**What needs to be done:**
The answer is all of the data repeated exactly, with each picture omitted.

(Records from a dataset)
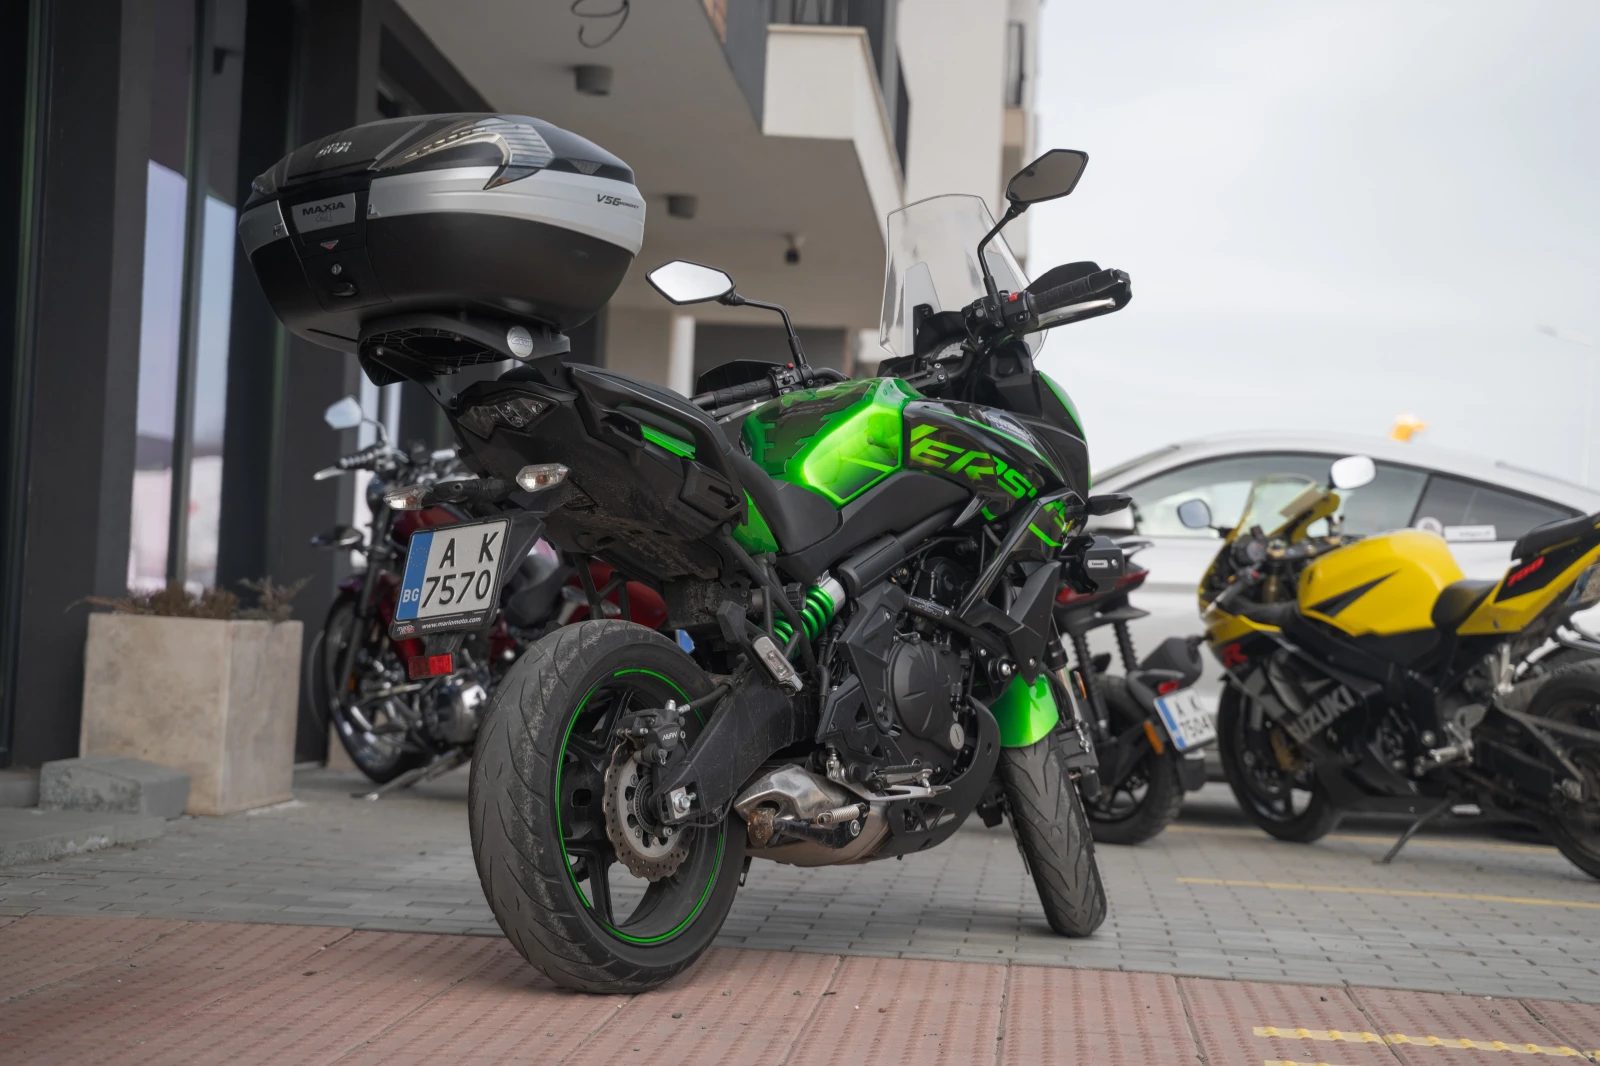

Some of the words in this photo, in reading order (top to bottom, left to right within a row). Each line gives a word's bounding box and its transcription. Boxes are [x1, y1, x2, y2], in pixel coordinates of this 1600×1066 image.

[597, 193, 622, 206] V56
[439, 537, 456, 569] A
[478, 531, 500, 564] K
[402, 588, 420, 603] BG
[421, 569, 492, 609] 7570
[422, 617, 481, 629] www.mariomoto.com
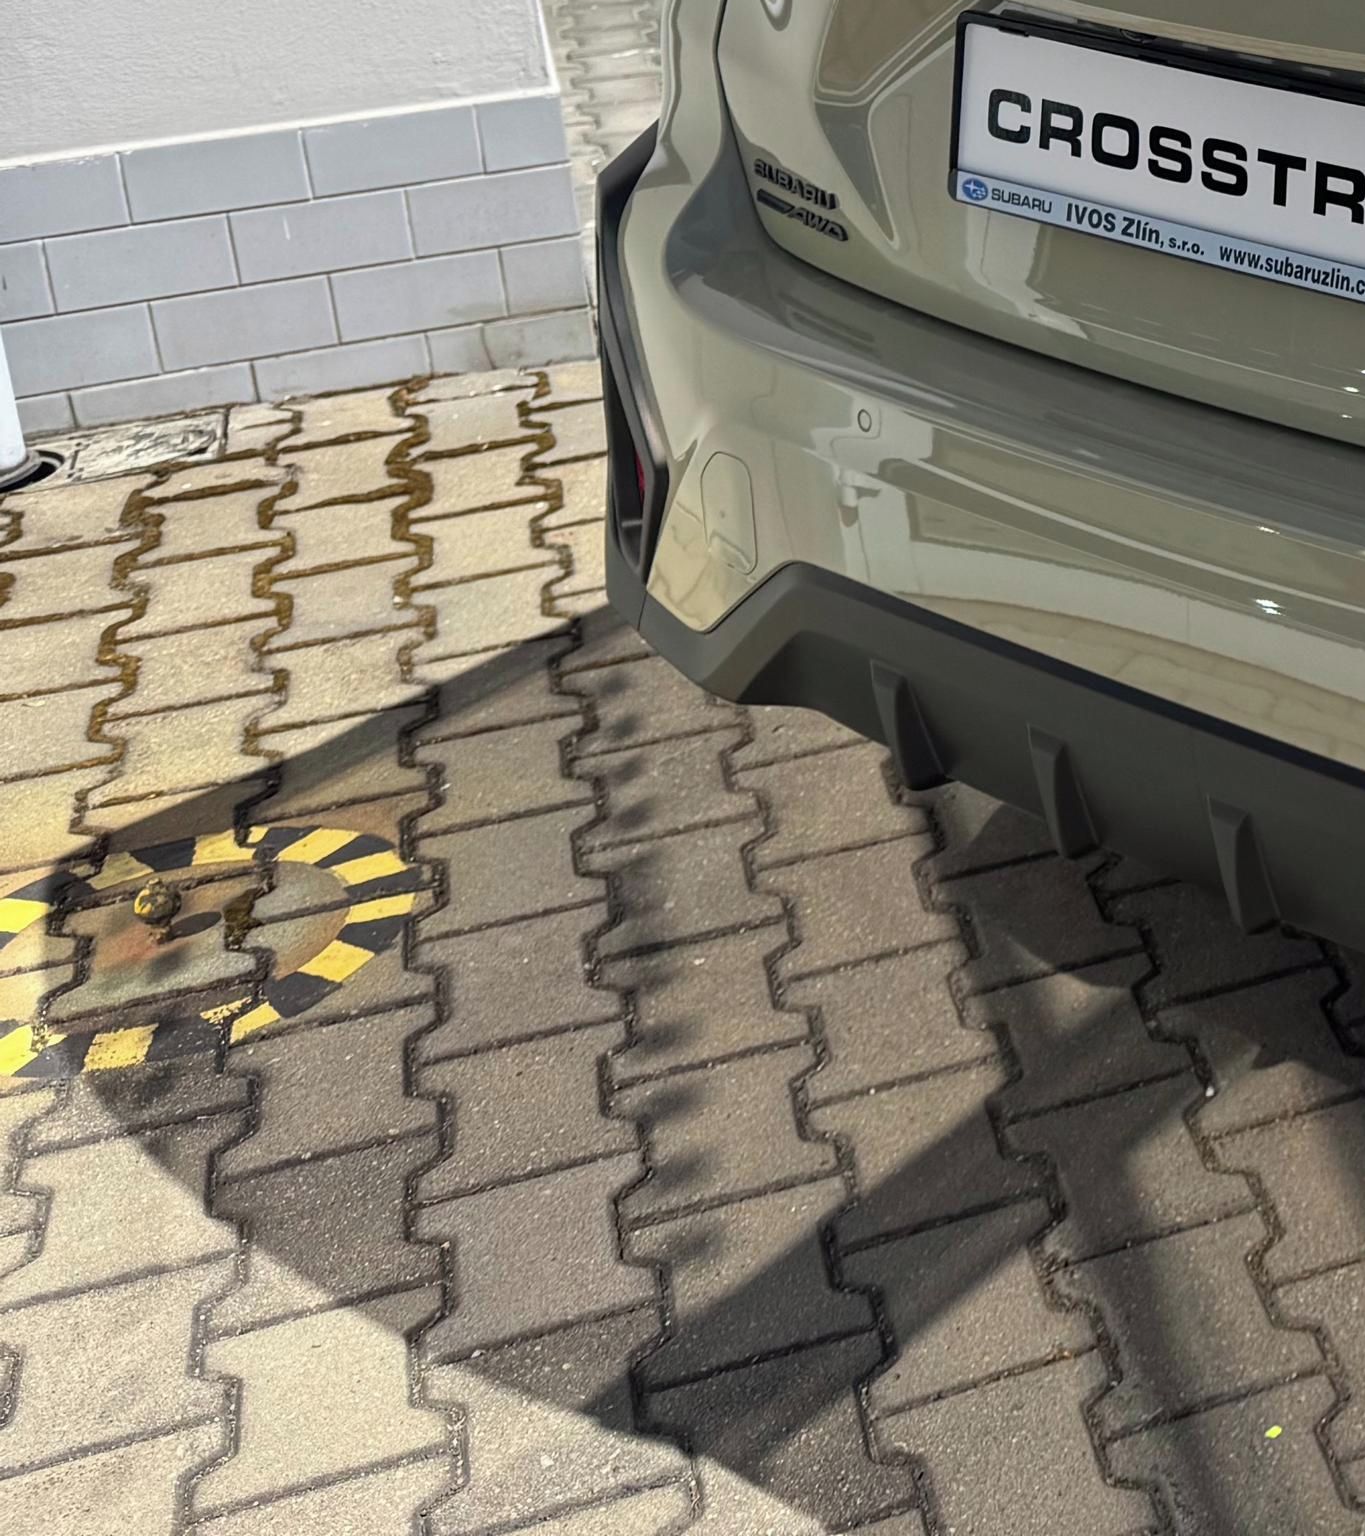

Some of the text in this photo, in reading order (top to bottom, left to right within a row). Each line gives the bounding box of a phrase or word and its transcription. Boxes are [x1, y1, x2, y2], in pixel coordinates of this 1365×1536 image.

[754, 158, 839, 210] SUBARU
[787, 208, 849, 241] AWD
[991, 188, 1052, 213] SUBARU
[1066, 203, 1117, 232] IVOS
[1121, 216, 1164, 248] Zlín,
[1168, 236, 1205, 256] s.r.o.
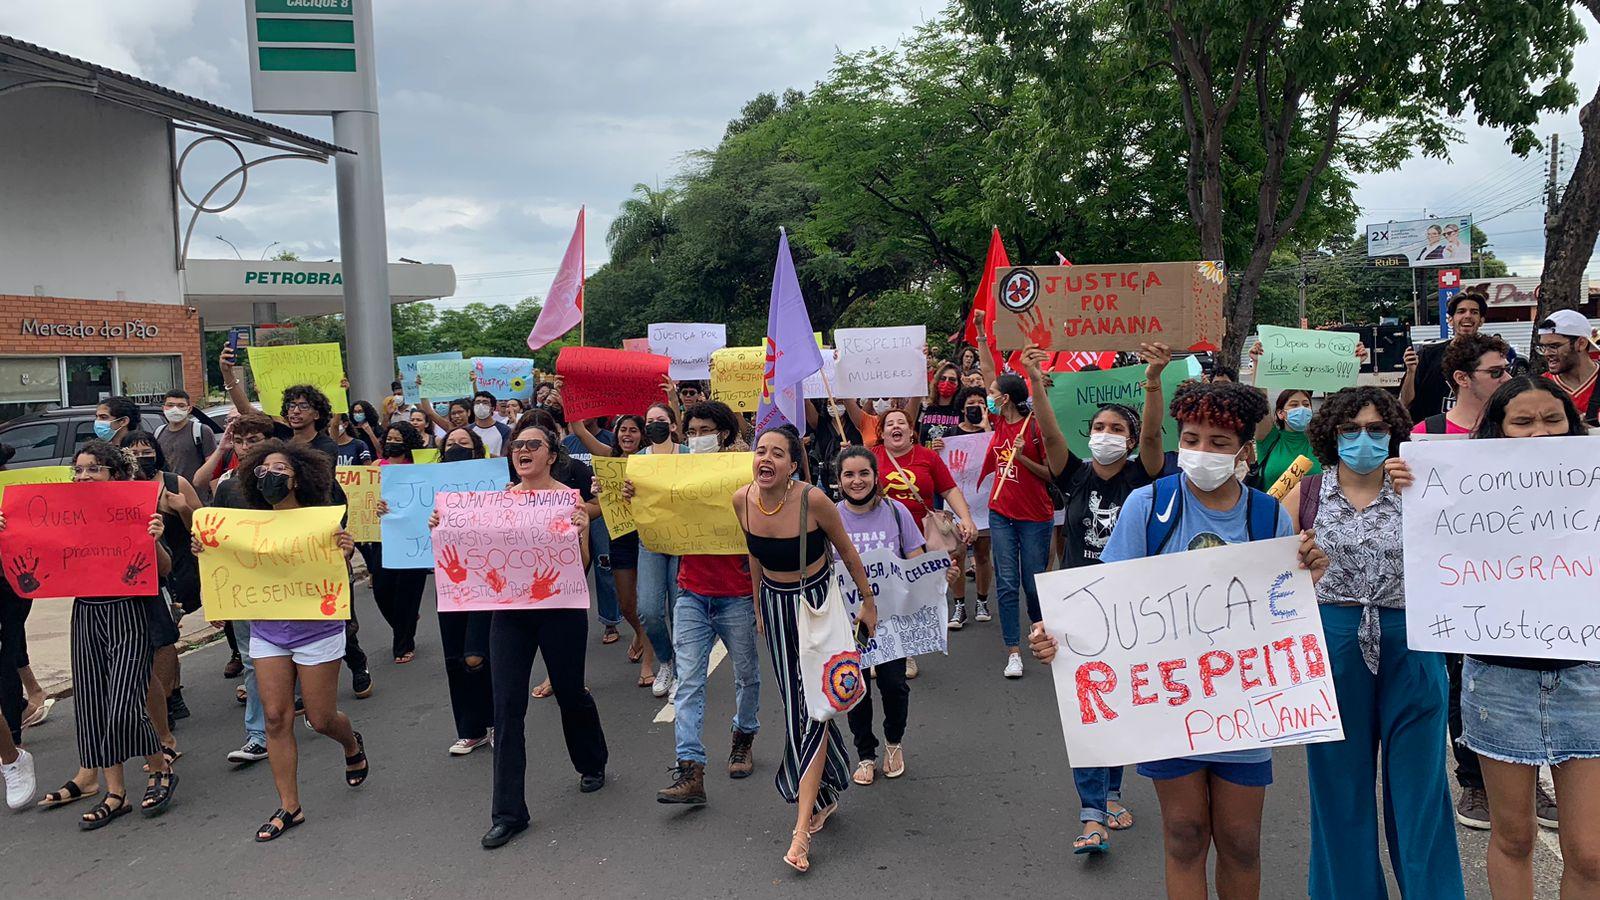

**Answer to this problem:**
Some of the words in this photo, in reading order (top to bottom, left to right within a row). Each line gives a word's bounding box and its transcription. Boxes are [x1, y1, x2, y2], in pixel coordinates of this 1600×1066 image.

[597, 193, 622, 206] V56
[439, 537, 456, 569] A
[478, 531, 500, 564] K
[402, 588, 420, 603] BG
[421, 569, 492, 609] 7570
[422, 617, 481, 629] www.mariomoto.com

Some of the text in this photo, in reading order (top to bottom, left to right within a row). Each line gives the bounding box of a phrase or word and its transcription. Boxes are [x1, y1, x2, y2], in pixel coordinates of this 1365×1536 image.

[754, 158, 839, 210] SUBARU
[787, 208, 849, 241] AWD
[991, 188, 1052, 213] SUBARU
[1066, 203, 1117, 232] IVOS
[1121, 216, 1164, 248] Zlín,
[1168, 236, 1205, 256] s.r.o.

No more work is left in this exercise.